Activity:
Look for the line containing "this 1880×1410 image." in the listing below. Retype that line and every subsequent line through the last one, and only those.

Task input:
..........
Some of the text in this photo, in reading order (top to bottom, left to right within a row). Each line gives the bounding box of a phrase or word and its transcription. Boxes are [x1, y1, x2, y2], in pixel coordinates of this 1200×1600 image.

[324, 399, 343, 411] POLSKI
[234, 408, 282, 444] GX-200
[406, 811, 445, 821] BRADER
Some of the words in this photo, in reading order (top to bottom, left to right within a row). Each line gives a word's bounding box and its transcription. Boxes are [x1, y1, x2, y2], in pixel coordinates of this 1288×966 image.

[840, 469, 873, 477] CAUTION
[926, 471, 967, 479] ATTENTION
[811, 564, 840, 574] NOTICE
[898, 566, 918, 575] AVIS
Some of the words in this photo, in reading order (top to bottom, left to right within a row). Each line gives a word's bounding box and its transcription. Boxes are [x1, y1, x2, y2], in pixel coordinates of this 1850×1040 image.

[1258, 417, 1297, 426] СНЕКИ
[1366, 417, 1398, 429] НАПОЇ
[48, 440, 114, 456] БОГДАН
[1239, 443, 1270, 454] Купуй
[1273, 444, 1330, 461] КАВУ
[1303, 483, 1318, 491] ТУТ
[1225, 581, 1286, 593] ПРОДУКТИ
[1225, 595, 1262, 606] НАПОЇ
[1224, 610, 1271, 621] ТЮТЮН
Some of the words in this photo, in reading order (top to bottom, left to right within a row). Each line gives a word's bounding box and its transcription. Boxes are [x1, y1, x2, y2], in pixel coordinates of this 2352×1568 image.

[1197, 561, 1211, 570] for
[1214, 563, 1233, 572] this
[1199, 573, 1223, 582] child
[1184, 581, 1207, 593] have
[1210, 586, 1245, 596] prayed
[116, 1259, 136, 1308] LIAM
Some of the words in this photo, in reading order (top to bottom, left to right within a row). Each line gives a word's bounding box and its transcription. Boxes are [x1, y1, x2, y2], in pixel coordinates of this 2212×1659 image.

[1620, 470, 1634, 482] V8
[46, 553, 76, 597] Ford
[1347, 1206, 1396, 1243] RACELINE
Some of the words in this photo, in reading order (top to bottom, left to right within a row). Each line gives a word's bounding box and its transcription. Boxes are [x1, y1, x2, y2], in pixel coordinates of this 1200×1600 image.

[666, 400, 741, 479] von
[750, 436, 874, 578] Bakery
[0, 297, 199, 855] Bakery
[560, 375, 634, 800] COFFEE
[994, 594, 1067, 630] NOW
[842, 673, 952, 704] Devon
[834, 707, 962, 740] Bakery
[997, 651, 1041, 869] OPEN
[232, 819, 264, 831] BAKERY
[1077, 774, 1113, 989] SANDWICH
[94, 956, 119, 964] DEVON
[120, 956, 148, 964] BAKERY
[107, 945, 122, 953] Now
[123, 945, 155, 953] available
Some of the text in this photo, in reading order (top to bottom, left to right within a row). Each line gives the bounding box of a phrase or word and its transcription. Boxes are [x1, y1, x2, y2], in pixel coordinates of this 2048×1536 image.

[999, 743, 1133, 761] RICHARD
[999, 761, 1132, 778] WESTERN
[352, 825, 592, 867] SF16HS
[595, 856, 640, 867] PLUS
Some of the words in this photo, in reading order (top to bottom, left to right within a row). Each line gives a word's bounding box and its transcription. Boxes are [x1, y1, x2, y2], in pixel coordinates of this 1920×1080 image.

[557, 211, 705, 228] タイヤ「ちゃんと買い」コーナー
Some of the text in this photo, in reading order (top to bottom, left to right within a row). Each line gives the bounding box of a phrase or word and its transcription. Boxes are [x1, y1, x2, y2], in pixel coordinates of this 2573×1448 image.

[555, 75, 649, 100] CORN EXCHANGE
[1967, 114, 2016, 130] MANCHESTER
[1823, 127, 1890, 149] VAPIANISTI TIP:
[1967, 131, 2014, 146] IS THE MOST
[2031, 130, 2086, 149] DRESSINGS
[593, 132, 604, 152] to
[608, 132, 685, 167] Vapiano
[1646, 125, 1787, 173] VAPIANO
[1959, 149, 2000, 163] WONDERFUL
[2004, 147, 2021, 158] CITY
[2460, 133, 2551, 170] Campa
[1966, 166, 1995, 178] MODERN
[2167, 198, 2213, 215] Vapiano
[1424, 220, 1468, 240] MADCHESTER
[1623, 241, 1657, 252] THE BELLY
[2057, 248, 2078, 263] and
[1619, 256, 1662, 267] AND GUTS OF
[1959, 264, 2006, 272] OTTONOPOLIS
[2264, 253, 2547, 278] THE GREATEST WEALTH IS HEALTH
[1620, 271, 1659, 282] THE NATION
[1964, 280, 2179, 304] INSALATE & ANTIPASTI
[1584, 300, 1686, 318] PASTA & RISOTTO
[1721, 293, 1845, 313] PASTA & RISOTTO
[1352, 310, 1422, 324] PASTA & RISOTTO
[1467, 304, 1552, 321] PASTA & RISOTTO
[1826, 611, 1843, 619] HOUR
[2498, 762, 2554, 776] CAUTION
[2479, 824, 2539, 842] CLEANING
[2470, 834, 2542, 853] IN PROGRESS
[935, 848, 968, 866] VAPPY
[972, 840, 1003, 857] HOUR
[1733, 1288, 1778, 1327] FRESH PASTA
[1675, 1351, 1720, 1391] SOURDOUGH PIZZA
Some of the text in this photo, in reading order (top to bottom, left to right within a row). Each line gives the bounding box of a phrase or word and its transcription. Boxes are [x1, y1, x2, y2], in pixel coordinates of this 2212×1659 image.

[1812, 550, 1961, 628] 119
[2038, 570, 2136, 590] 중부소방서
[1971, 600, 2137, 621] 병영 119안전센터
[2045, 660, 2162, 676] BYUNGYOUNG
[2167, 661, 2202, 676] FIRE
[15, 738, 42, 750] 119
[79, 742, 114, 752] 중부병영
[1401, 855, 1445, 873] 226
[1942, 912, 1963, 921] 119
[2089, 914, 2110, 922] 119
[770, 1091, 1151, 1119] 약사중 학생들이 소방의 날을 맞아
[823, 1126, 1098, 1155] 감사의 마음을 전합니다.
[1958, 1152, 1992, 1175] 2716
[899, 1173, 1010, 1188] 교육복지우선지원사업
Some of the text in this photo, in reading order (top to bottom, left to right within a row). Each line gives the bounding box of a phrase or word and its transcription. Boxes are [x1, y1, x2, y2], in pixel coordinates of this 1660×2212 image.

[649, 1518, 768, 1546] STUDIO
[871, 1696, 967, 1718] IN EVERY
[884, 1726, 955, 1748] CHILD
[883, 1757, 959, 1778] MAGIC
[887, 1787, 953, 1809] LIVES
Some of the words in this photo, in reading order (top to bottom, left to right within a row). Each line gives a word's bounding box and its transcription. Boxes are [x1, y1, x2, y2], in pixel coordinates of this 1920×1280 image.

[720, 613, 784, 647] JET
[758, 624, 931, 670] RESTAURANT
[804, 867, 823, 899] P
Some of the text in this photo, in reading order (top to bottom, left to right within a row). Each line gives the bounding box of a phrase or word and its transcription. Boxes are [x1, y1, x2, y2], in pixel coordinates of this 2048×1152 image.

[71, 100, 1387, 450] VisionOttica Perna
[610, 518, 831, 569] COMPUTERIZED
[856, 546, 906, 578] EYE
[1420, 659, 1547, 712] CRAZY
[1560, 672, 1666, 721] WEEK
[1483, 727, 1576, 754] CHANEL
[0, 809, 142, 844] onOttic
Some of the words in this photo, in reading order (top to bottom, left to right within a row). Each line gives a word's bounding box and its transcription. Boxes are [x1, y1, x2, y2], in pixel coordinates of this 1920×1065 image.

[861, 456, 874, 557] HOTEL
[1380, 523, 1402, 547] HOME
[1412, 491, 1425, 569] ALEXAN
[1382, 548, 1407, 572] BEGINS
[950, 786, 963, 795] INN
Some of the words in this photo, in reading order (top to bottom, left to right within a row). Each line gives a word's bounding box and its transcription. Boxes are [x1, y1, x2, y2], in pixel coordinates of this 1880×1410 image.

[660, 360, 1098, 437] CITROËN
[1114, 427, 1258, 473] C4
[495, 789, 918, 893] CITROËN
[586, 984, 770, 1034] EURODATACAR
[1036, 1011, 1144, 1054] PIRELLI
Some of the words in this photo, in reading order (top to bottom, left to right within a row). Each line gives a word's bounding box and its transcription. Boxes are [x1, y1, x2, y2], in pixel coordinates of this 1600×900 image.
..........
Expected answer:
Some of the words in this photo, in reading order (top to bottom, left to right within a row). Each line gives a word's bounding box and its transcription. Boxes are [x1, y1, x2, y2], in pixel coordinates of this 1880×1410 image.

[660, 360, 1098, 437] CITROËN
[1114, 427, 1258, 473] C4
[495, 789, 918, 893] CITROËN
[586, 984, 770, 1034] EURODATACAR
[1036, 1011, 1144, 1054] PIRELLI
Some of the words in this photo, in reading order (top to bottom, left to right within a row). Each line gives a word's bounding box and its transcription. Boxes are [x1, y1, x2, y2], in pixel coordinates of this 1600×900 image.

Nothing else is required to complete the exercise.